Structure and development
The 1970's was a veritable cognitive revolution in psychology. There was
increasing importance placed on the study of how people processed information
and the effect of categories on attention and memory In developmental
psychology, Jean Piaget's structural theory of child cognition gained considerable
popularity, even though his influence in European psychology was strong since
the 1930's. Piaget (1954; 1965; 1970; see also Furth, 1969) emphasized that it
was more important to identify and describe qualitative stages of thinking rather
than simply errors in thinking. Piaget, influenced by Kant's model of innate
categories, attempted to show how Kant was wrong in assuming that these
categories were innate. Rather, Piaget demonstrated how categories such as
number, quantity, volume and space developed through qualitative stages. Just as
Piaget studied the idiosyncratic ideas of children of different ages, Beck (1976;
1978; 1990) delineated the idiosyncratic ideas of people who were depressed,
anxious, or angry. Both Piaget and Beck have advanced structural theories (see
Leahy, 1995) which focus on the systematic structure or logic of thinking rather
than whether the individual (child or patient) is erroneous in his thinking.
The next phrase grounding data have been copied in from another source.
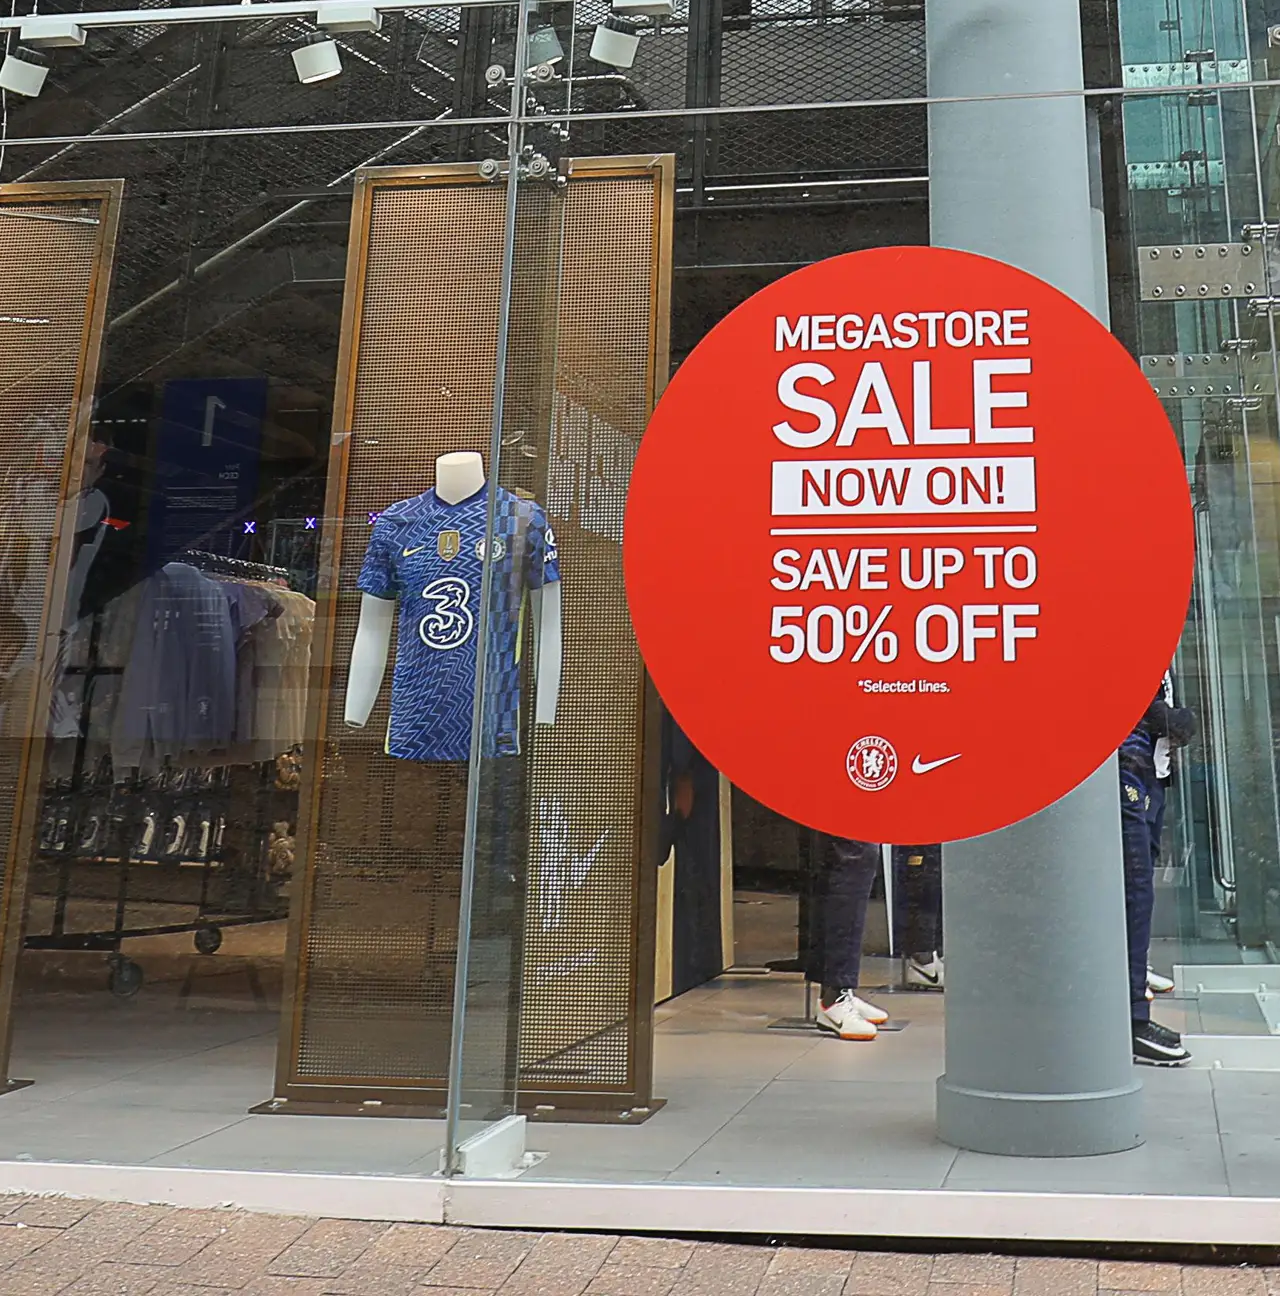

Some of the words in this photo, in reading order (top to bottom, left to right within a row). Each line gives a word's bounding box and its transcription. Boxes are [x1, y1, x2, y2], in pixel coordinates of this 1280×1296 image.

[774, 308, 1031, 351] MEGASTORE
[771, 357, 1035, 448] SALE
[801, 466, 911, 507] NOW
[925, 465, 1005, 505] ON!
[769, 547, 889, 591] SAVE
[901, 548, 965, 589] UP
[974, 545, 1038, 589] TO
[767, 604, 898, 664] 50%
[914, 603, 1041, 662] OFF
[918, 680, 950, 693] lines.
Thus,
the “growth of thinking” is described by structuralists in terms of the kinds of
“theories” that individuals have, rather than simply their acquistion of information
that is stored in memory as a copy of reality.
The emphasis on the structure of thinking rather than simply the content of
information is reflected in work on categorical perception. For example,

researchers on infant perception and cross-cultural cognition demonstrated
that early perception is categorical--that is, infants will treat a range of stimuli as
belonging to the same perceptual category even though the visual or auditory
stimuli show considerable variation.. For example, infants categorize color into
specific groups, treating all members of the group as similar even though they
differ in wavelength. Memory was also determined by categorical "fit". Even
during infancy, wavelengths that are more "representative" of a category (e.g., a
"good blue"), were more easily recalled than wavelengths on the "fuzzy"
boundary of a color category. Similar categorical perception was demonstrated
for sound, speech, and figures (see Bornstein, 1984; Rosch, 1978).
Developmental researchers in the 1970's and through the 1980's
demonstrated the ubiquity of categorization, its innate and cross-cultural qualities,
and its substantial effect on recognition and recall. This work appeared to

contradict simple learning-theory models of "associationism"---that is, that all
stimuli are equally associable. Categories seemed to preempt simple stimulus-
response links. Memory was determined by categories---a concept that found its
way into social psychology in the work on schematic processing.
The emphasis on innate categories (or at least on the interaction between a
predisposition to structure reality in specific ways), was especially important in
linguistic or developmental linguistic theory. Chomsky's important critique of
Skinner's Verbal Behavior, demonstrated the futility of a simple learning model of
language. According to Chomsky (1968) , language is too complex and too
universally similar to be learned by simple reinforcement. In fact, language is so
complex that adult human experts on language are unable to write comprehensive
rules for language acquisition. Consequently, Chomsky, in his books Aspects of a
Theory of Syntax
and Language and Mind, proposed that all human infants are
equipped with the ability to learn human language--an ability that psychologists
referred to as language acquisition device (LAD). This LAD is similar to the
Platonic ideals or Kant's "synthetic a priori" (innate categories of knowledge).
Thus, humans are born with a theory about what language will look like. Humans
are language learners. Thus, according to Chomsky, language acquisition is not
arbitrary but is rather constrained by the structure of human knowing. One might
argue, that Chomsky's psycholinguistics was the most truly structural theory of
the 1970's.
Cognitive-social psychology
Social psychology in the 1970's increasingly became cognitive-social
psychology. Researchers were interested in cognitive processes involved in
impression-formation, decision-making, self-perception, motivation, and memory.
Information-processing models became popular in describing, for example, how
people weighted information in forming impressions about others. Of particular
relevance to the development of Beck's cognitive theory was new research on
schematic processing in memory and research on attribution theory.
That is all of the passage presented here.